According to Trump administration forecasts, global temperatures are expected to rise by at least 4 degrees by the end of the century. This would lead to even greater economic devastation – for example, damaging $ 3.6 trillion in coastal properties by 2100 without measures to adapt to climate change, according to the National Climate Assessment published in last November.

Some GOP strategists see a long-term risk in a dismissive approach to climate policy.

"With the Green New Deal, Republicans are excited to be talking about climate change for the first time because we can emphasize how stupid Democrats are," said Alex Conant, GOP Strategist and Partner at Firehouse Strategies. "It's probably not a long-term position. In the end, Republicans, if we want to be taken seriously about climate change, we will have to come up with some conservative solutions. "

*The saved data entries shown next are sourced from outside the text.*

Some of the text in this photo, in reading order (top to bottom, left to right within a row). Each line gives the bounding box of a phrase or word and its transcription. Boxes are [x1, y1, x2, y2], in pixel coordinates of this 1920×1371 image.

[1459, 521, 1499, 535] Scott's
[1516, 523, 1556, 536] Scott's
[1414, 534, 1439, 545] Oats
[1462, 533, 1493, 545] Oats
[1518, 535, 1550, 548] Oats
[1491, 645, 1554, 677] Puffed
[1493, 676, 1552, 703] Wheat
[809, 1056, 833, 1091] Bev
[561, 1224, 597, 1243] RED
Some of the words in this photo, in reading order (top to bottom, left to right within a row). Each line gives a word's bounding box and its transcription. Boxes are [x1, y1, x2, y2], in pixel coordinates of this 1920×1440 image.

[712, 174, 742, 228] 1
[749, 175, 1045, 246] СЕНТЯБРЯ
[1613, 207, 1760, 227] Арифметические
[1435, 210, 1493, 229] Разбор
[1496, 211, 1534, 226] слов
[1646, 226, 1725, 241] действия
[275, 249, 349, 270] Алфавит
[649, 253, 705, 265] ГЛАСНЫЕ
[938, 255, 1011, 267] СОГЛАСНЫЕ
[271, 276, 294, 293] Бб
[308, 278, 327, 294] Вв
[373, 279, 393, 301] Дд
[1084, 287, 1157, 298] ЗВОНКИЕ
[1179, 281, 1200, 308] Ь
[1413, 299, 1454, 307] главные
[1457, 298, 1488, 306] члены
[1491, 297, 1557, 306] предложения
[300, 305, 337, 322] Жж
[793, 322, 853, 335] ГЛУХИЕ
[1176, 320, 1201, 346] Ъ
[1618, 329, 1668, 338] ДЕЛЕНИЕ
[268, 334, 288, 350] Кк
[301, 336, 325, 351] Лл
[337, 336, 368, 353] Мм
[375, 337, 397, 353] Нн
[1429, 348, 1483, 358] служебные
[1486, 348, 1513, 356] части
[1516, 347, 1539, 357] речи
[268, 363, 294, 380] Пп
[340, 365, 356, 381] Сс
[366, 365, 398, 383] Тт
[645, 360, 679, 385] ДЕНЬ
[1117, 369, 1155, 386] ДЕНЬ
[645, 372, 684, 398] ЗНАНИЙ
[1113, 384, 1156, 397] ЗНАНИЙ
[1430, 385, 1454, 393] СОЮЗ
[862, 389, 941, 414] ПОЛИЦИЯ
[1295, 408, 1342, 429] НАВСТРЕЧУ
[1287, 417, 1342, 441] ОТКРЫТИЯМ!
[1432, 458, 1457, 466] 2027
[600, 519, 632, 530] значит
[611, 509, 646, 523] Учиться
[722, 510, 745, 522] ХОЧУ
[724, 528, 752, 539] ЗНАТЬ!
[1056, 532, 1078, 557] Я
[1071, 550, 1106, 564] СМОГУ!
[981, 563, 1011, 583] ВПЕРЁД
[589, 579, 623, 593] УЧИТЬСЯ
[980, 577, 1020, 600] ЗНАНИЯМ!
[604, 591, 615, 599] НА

At least one Republican has kept her criticism of the Green New Deal more subdued: the Alaskan Senator, Lisa Murkowski, whose homeland is warming faster than the rest of the country. In chairing a climate committee hearing on energy and natural resources Tuesday, Ms. Murkowski highlighted the dwindling fishing and melting permafrost, which her constituents are already busy with. She has never publicly quoted the American Action Forum study.

"This must be a priority for all of us," she said of the fight against climate change. "It has a direct impact on our way of life."